WORK TO COMPLETE: Could you give the entries back exactly as they stand, minus any pictures?

========================================================================

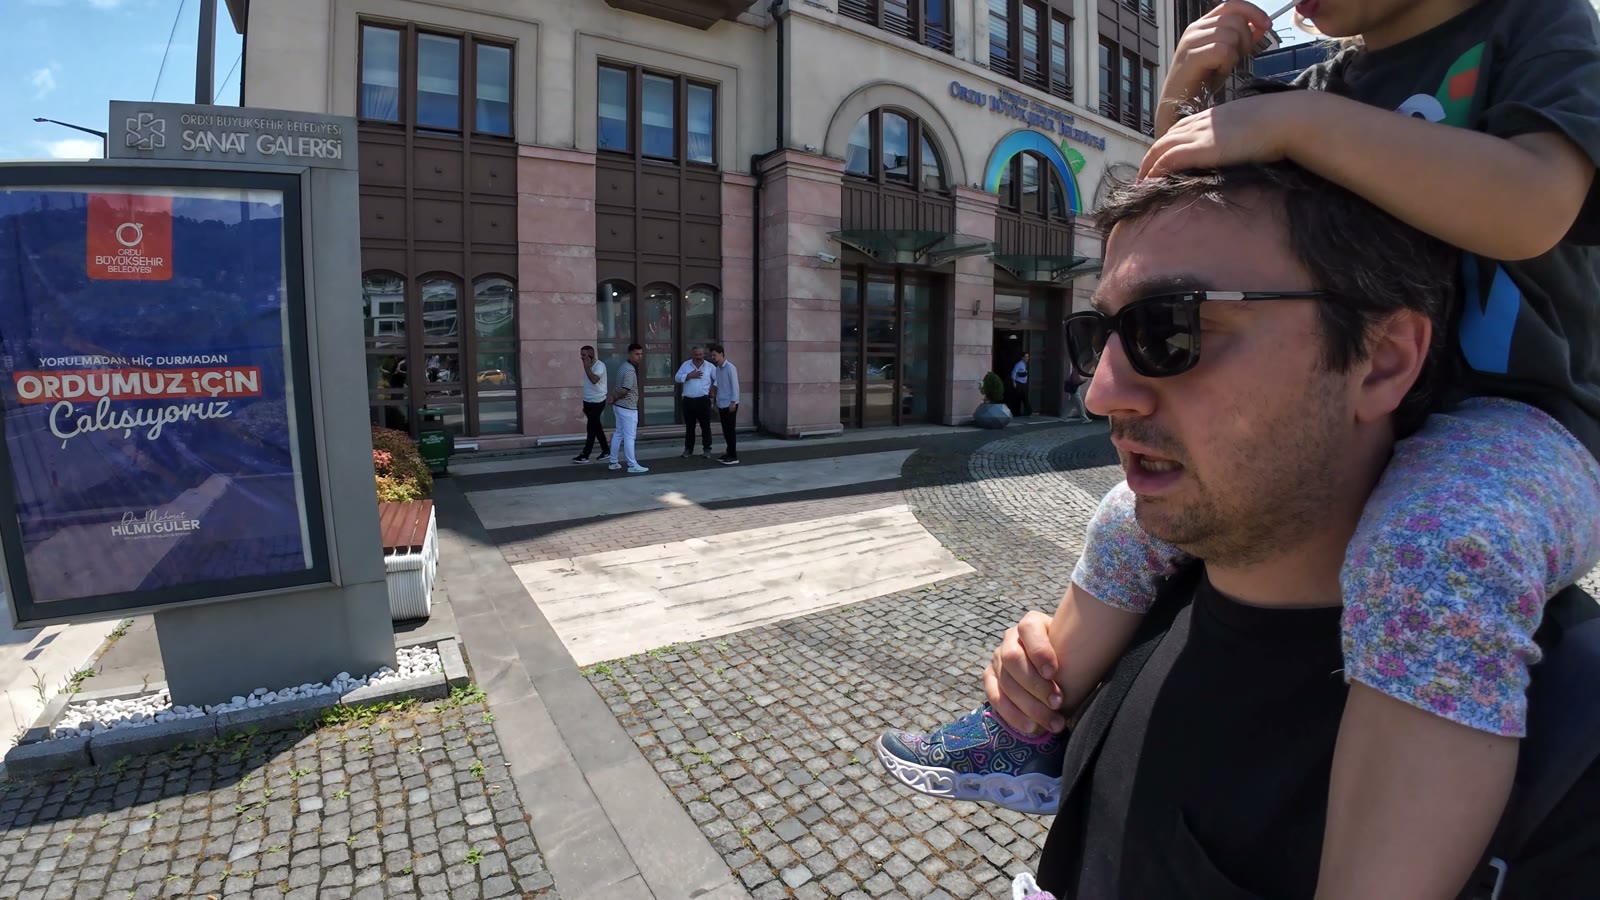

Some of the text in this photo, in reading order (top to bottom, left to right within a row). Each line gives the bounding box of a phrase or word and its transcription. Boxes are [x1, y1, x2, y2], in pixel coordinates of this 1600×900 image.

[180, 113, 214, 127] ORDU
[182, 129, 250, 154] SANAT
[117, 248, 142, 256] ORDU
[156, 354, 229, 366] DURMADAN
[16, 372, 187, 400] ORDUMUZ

========================================================================

ANSWER BOX:
Some of the text in this photo, in reading order (top to bottom, left to right within a row). Each line gives the bounding box of a phrase or word and its transcription. Boxes are [x1, y1, x2, y2], in pixel coordinates of this 1600×900 image.

[180, 113, 214, 127] ORDU
[182, 129, 250, 154] SANAT
[117, 248, 142, 256] ORDU
[156, 354, 229, 366] DURMADAN
[16, 372, 187, 400] ORDUMUZ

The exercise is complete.